BEGIN EXERCISE MATERIAL

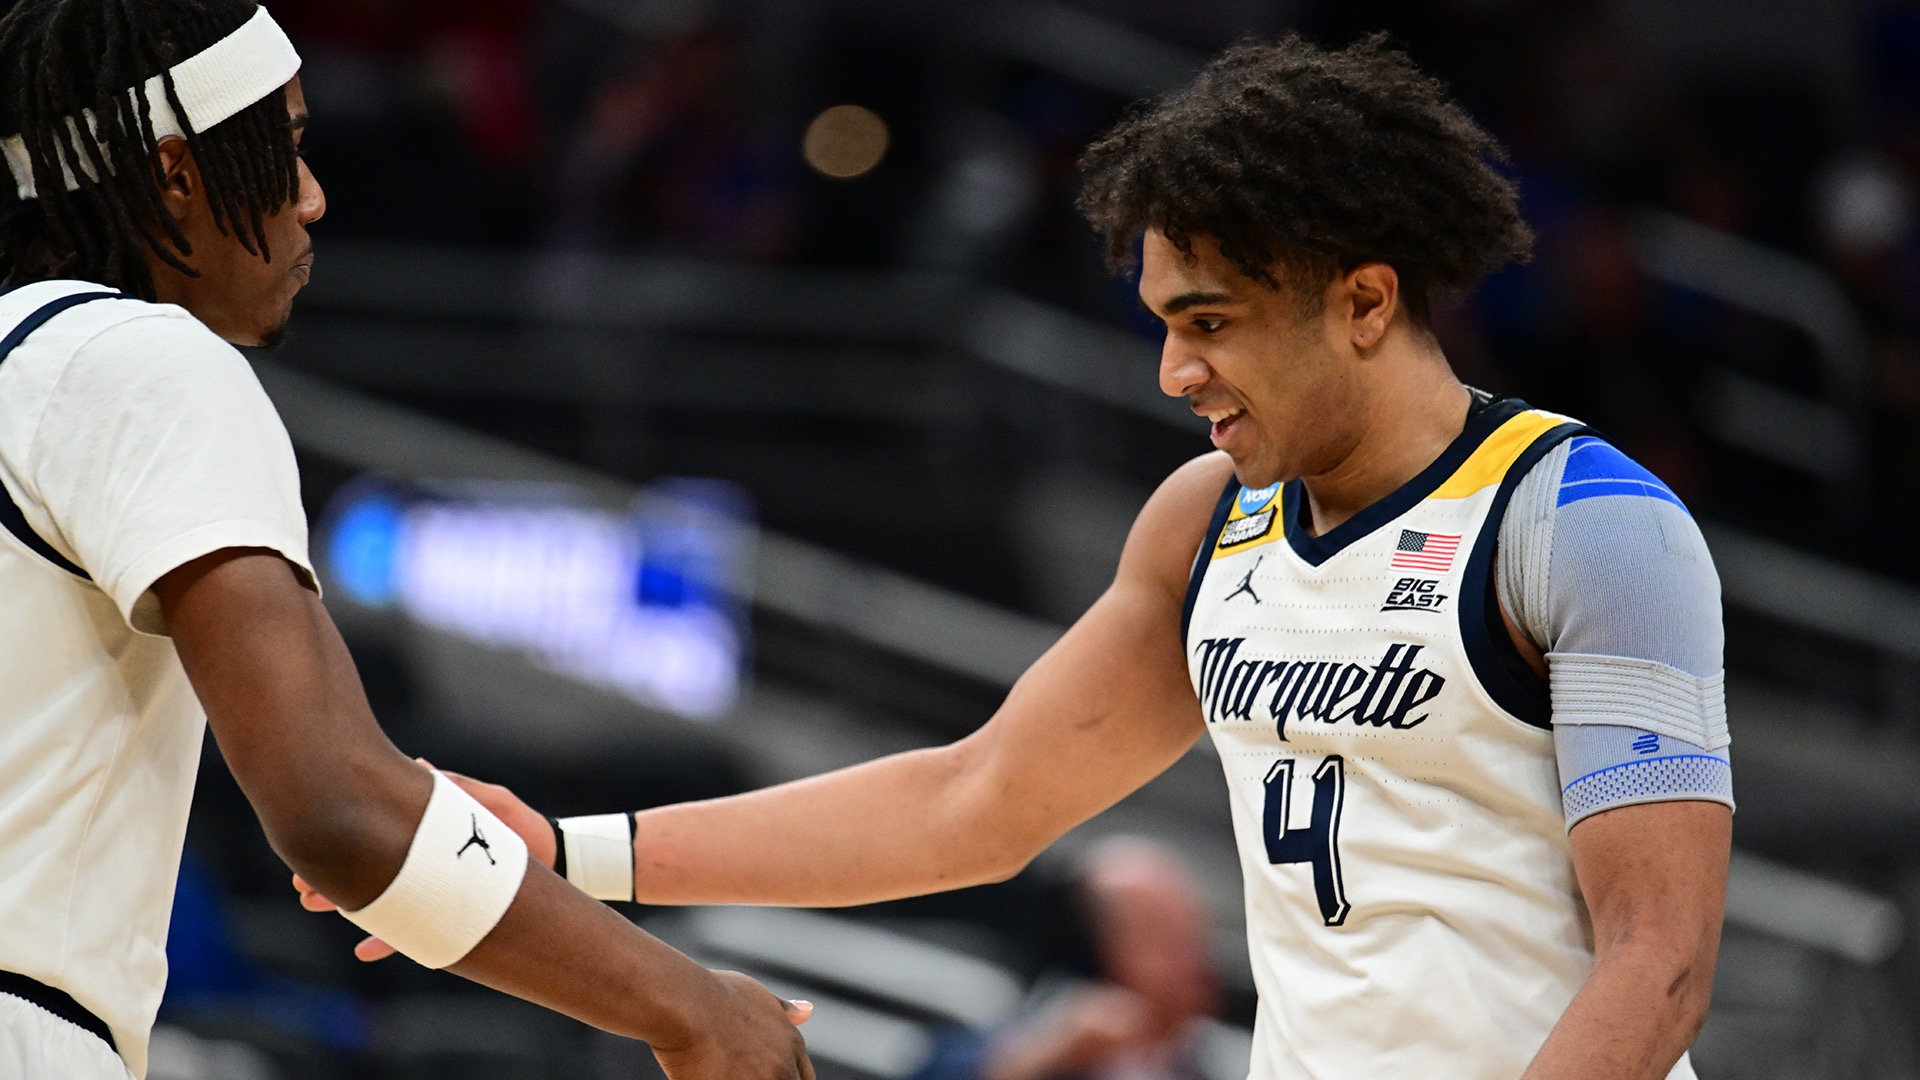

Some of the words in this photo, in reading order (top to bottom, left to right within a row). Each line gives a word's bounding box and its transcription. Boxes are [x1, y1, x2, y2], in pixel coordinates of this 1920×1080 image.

[1385, 592, 1448, 607] EAST
[1393, 578, 1439, 593] BIG
[1194, 638, 1446, 742] Marquette
[1263, 755, 1352, 926] 4

END EXERCISE MATERIAL

▶ **TASK GOAL**
Without including a single picture, restate all of the data word for word.

▶ **EXERCISE RESPONSE**
Some of the words in this photo, in reading order (top to bottom, left to right within a row). Each line gives a word's bounding box and its transcription. Boxes are [x1, y1, x2, y2], in pixel coordinates of this 1920×1080 image.

[1385, 592, 1448, 607] EAST
[1393, 578, 1439, 593] BIG
[1194, 638, 1446, 742] Marquette
[1263, 755, 1352, 926] 4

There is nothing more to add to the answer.